Don’t Play Coy With Your Readers

Don’t Play Coy With Your Readers
Terry Odell

Don't Play Coy With Readers

Image by Tayeb MEZAHDIA from Pixabay

One of my first writing lessons was Point of View. I learned it was a good idea to stick to one character at a time (and ‘time’ means more than a paragraph or two).

As a reader, I discovered I connected more with characters if I was privy to their thoughts. There are no hard and fast rules about Point of View beyond it’s important that readers can keep track of whose head they’re in.

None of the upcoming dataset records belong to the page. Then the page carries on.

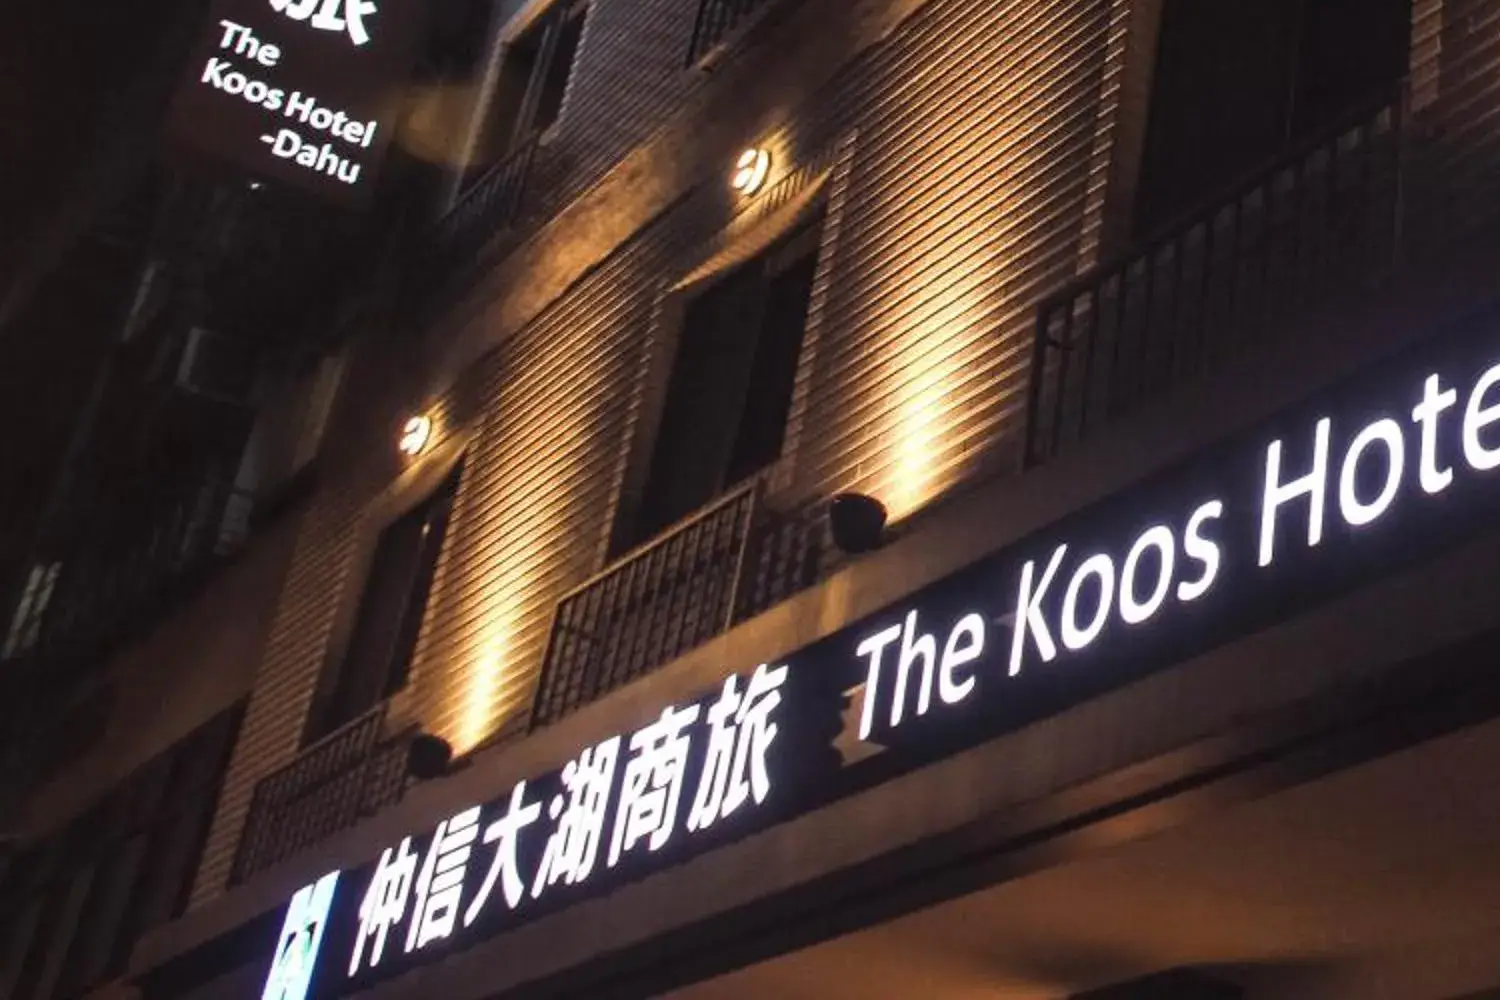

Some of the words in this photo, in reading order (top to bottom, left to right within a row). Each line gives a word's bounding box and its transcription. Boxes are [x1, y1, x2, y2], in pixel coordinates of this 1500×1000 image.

[201, 56, 285, 110] Koos
[284, 91, 378, 148] Hotel
[219, 19, 281, 67] The
[854, 608, 986, 742] The
[1007, 498, 1224, 678] Koos
[348, 662, 790, 978] 仲信大湖商旅

My preference is to use Deep Point of View, which is sometimes called Close or Intimate, and that’s the focus of today’s post. What you call it isn’t as important as making sure that your readers can’t know anything your POV character doesn’t know. Or see. Or feel. Or smell. Or hear. It’s very close to writing in first person.

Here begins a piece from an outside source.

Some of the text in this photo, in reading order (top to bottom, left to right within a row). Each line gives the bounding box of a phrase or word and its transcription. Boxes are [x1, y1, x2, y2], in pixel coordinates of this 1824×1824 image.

POV is a powerful tool, because by controlling the POV character, you control what you reveal to the reader. As I said above, the reader is only privy to what the character knows. On the flip side of that coin, if the POV character sees, smells, feels, or hears something, the reader should, too.

In my current WIP, my female lead knows why she quit her job, and is aware of some less-than-ethical behaviors of her boss. I’m eight chapters in, and she doesn’t want the male lead to know the details yet. But she can feed him bits and pieces as circumstances arise. The way I see it, it’s the author’s responsibility to find legitimate ways to withhold information from readers until it’s time to reveal it.

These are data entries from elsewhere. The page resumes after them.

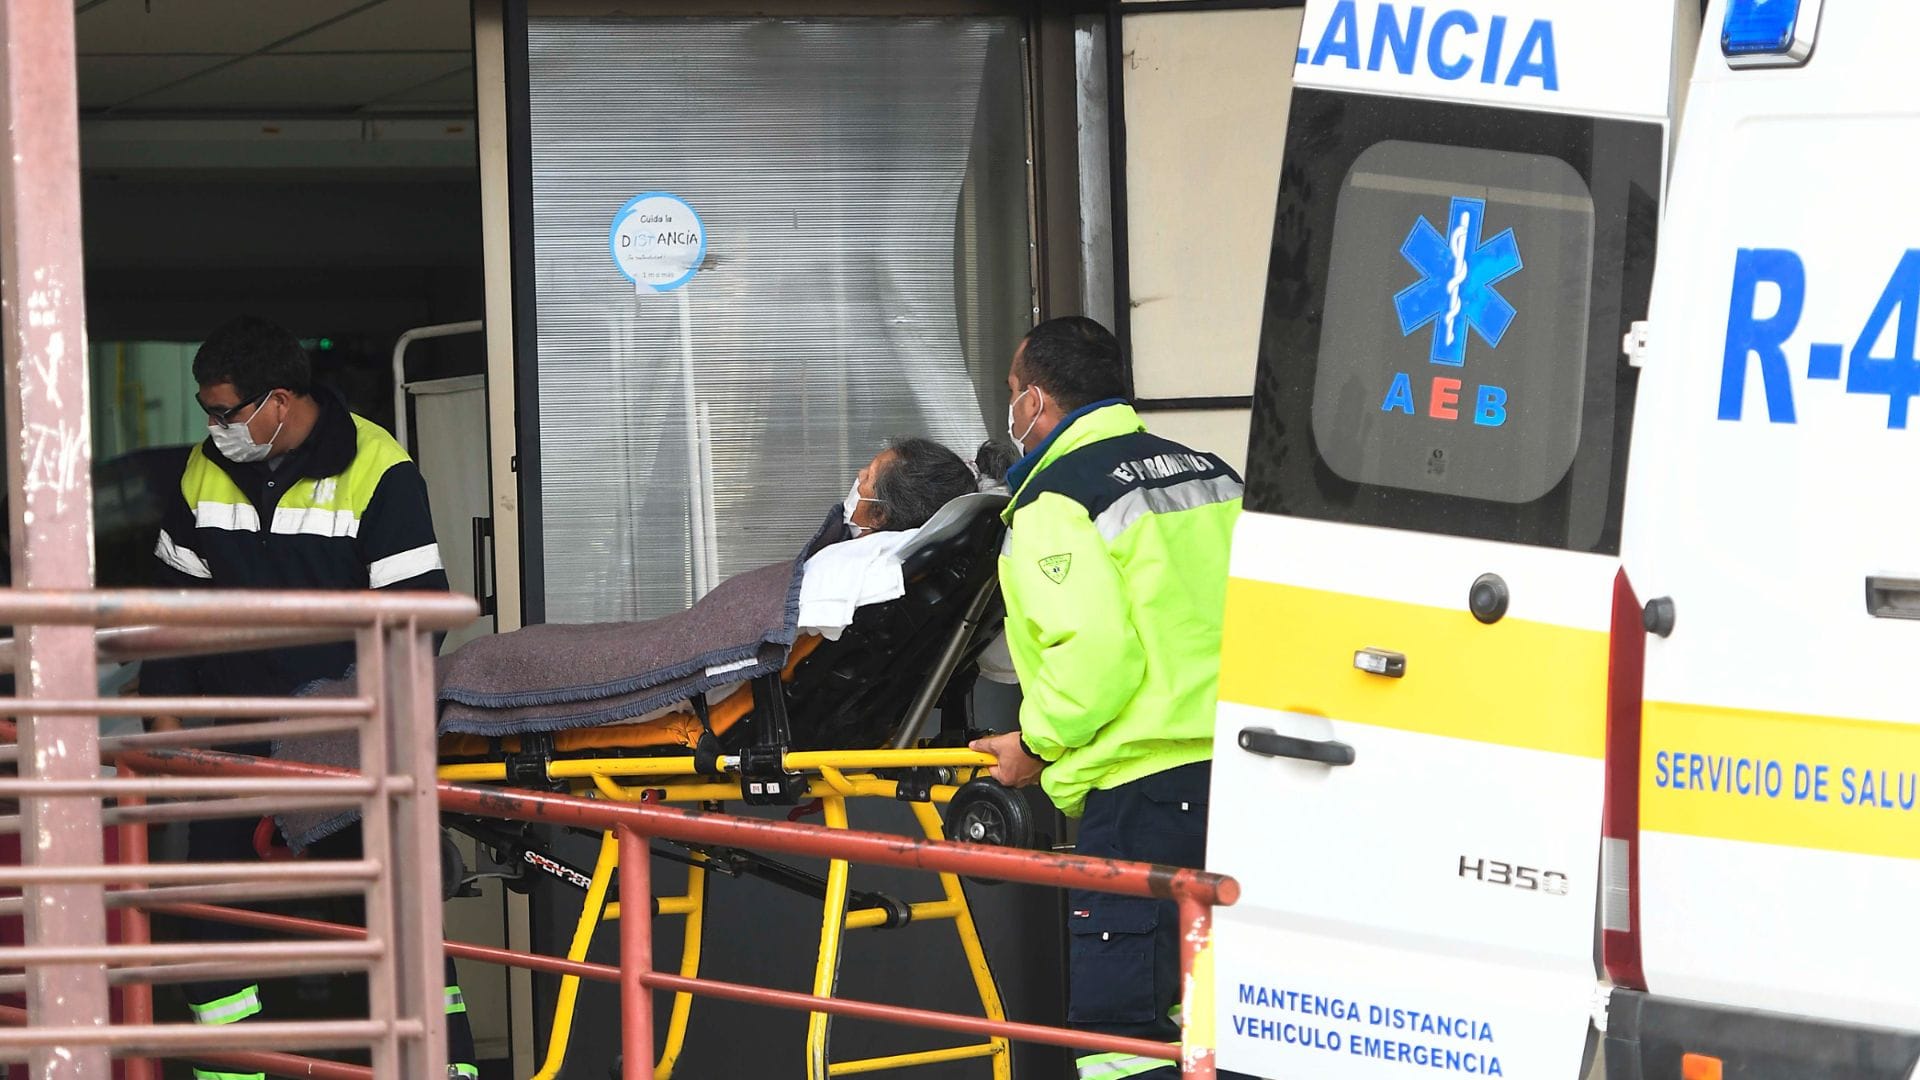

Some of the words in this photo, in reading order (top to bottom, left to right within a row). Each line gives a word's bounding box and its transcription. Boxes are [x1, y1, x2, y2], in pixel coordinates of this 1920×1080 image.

[1655, 750, 1783, 799] SERVICIO
[1793, 762, 1830, 803] DE
[1840, 767, 1916, 811] SALU
[523, 850, 592, 891] SPENCER
[1458, 855, 1568, 896] H350
[1239, 983, 1361, 1022] MANTENGA
[1369, 1005, 1494, 1043] DISTANCIA
[1233, 1015, 1341, 1052] VEHICULO
[1350, 1034, 1504, 1077] EMERGENCIA

Which brings me to a couple of recent reads which had my hackles up. Both were written in first person POV. That puts the reader right into that character’s head, the same way Deep POV does.

In one book, the character read a letter; in the second she looked at a photograph. In both instances, the characters had strong emotional reactions to what they’d just seen. These books were both mysteries, and this “secret” information provided important clues.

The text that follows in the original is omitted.